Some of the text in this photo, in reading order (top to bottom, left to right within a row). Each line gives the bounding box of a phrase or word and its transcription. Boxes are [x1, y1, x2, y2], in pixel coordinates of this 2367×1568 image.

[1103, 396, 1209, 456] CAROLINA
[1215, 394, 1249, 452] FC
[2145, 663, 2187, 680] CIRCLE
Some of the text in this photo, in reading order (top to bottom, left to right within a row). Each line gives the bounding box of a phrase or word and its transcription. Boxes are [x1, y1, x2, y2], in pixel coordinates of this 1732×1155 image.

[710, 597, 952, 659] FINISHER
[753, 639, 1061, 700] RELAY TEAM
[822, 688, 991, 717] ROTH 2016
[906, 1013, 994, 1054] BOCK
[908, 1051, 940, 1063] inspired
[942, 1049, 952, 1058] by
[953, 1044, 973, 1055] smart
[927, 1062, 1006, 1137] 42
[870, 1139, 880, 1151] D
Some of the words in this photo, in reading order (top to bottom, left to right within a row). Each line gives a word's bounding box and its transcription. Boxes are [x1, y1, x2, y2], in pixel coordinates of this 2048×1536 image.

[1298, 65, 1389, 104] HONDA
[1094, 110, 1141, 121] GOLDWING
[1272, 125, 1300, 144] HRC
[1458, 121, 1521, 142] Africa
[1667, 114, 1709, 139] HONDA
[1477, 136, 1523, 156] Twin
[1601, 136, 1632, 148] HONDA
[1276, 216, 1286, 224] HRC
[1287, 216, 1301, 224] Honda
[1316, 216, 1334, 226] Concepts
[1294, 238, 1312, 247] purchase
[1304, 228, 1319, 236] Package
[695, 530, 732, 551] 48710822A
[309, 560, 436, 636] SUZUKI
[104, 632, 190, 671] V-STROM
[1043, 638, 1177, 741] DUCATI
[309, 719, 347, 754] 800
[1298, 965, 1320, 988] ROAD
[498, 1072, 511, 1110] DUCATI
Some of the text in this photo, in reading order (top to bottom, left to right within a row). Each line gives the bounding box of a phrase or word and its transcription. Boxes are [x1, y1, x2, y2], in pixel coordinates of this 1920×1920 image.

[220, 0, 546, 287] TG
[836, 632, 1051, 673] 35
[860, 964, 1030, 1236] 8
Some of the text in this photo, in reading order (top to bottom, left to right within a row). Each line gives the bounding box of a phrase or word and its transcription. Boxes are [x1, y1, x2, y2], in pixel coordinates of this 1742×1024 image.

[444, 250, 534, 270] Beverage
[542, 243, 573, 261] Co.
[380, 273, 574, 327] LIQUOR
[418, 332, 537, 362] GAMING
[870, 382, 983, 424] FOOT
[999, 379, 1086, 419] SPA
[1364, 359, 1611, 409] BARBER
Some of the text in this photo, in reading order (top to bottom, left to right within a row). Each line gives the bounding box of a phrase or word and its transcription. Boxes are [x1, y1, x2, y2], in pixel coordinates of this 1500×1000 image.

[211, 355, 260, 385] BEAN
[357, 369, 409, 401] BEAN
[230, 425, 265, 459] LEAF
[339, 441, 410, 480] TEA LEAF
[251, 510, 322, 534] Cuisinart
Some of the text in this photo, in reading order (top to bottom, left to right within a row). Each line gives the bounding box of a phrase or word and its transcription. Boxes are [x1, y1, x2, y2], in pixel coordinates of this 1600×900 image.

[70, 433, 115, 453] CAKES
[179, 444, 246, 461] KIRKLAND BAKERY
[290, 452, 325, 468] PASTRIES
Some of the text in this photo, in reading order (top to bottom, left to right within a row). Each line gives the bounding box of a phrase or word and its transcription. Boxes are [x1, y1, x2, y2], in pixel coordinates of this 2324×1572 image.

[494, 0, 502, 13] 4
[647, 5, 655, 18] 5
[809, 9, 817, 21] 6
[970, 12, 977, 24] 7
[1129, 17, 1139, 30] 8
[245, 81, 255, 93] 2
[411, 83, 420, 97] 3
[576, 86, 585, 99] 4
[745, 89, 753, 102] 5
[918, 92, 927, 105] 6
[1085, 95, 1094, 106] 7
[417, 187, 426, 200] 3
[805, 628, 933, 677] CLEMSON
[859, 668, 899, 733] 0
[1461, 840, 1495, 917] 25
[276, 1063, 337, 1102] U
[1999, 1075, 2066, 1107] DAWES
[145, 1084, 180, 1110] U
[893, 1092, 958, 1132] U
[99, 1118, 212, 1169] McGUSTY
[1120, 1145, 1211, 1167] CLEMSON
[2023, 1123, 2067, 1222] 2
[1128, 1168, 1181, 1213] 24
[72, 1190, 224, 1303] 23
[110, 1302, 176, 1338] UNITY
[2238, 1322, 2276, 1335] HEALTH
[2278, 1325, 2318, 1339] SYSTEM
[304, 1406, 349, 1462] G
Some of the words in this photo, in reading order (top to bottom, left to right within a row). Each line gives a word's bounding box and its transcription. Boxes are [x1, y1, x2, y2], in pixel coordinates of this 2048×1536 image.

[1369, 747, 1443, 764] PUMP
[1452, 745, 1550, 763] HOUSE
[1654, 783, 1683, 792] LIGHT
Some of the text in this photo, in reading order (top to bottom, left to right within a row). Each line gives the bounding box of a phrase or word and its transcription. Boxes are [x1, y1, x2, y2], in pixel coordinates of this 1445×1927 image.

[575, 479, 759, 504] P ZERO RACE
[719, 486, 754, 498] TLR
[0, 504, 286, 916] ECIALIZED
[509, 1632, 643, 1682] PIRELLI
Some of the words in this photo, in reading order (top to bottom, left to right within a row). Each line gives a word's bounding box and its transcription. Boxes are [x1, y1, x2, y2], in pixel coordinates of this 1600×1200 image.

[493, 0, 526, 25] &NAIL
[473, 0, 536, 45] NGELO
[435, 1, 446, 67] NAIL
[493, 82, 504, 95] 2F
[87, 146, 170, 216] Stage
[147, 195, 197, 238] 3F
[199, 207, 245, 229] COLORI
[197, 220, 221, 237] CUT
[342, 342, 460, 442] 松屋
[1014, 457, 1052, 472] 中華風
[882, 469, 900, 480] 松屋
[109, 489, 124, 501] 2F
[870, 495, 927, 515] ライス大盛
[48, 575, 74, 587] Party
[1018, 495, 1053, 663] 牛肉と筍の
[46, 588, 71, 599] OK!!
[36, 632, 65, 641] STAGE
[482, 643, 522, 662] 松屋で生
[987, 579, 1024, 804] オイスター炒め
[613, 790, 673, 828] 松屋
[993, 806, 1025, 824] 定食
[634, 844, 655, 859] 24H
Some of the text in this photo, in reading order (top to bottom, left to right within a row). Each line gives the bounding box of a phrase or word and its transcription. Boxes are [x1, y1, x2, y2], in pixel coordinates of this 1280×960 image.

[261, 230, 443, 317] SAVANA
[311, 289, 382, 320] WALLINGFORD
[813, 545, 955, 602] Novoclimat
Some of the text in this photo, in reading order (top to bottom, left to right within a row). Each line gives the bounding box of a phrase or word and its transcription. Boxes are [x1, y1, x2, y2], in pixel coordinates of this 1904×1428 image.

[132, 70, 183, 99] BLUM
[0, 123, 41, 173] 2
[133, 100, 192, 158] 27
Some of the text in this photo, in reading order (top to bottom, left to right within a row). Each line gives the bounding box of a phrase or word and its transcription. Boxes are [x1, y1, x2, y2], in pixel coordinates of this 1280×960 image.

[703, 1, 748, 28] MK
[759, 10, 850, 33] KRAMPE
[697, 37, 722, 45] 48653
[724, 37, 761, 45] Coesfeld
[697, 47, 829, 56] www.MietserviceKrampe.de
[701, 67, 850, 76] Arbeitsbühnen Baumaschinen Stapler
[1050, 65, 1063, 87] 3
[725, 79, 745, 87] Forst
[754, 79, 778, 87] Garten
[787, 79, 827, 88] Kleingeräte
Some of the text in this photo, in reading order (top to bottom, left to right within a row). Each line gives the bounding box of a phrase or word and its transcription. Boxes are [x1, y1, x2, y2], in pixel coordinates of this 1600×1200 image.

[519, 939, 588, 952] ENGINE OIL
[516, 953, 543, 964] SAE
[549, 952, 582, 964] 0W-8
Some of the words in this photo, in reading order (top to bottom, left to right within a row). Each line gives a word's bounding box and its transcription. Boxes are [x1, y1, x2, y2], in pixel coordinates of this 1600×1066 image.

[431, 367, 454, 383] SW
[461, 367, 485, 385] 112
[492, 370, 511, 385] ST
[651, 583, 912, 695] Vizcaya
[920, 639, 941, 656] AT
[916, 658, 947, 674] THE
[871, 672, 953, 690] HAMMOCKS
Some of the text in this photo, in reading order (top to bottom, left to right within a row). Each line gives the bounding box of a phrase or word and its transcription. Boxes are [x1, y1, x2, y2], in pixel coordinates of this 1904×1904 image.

• _Exercise description_
The expected output is the run of lines from the one holding "this 1904×1428 image." to the last line of the entries above, each reproduced character for character.

• _Expected answer_
Some of the text in this photo, in reading order (top to bottom, left to right within a row). Each line gives the bounding box of a phrase or word and its transcription. Boxes are [x1, y1, x2, y2], in pixel coordinates of this 1904×1428 image.

[132, 70, 183, 99] BLUM
[0, 123, 41, 173] 2
[133, 100, 192, 158] 27
Some of the text in this photo, in reading order (top to bottom, left to right within a row). Each line gives the bounding box of a phrase or word and its transcription. Boxes are [x1, y1, x2, y2], in pixel coordinates of this 1280×960 image.

[703, 1, 748, 28] MK
[759, 10, 850, 33] KRAMPE
[697, 37, 722, 45] 48653
[724, 37, 761, 45] Coesfeld
[697, 47, 829, 56] www.MietserviceKrampe.de
[701, 67, 850, 76] Arbeitsbühnen Baumaschinen Stapler
[1050, 65, 1063, 87] 3
[725, 79, 745, 87] Forst
[754, 79, 778, 87] Garten
[787, 79, 827, 88] Kleingeräte
Some of the text in this photo, in reading order (top to bottom, left to right within a row). Each line gives the bounding box of a phrase or word and its transcription. Boxes are [x1, y1, x2, y2], in pixel coordinates of this 1600×1200 image.

[519, 939, 588, 952] ENGINE OIL
[516, 953, 543, 964] SAE
[549, 952, 582, 964] 0W-8
Some of the words in this photo, in reading order (top to bottom, left to right within a row). Each line gives a word's bounding box and its transcription. Boxes are [x1, y1, x2, y2], in pixel coordinates of this 1600×1066 image.

[431, 367, 454, 383] SW
[461, 367, 485, 385] 112
[492, 370, 511, 385] ST
[651, 583, 912, 695] Vizcaya
[920, 639, 941, 656] AT
[916, 658, 947, 674] THE
[871, 672, 953, 690] HAMMOCKS
Some of the text in this photo, in reading order (top to bottom, left to right within a row). Each line gives the bounding box of a phrase or word and its transcription. Boxes are [x1, y1, x2, y2], in pixel coordinates of this 1904×1904 image.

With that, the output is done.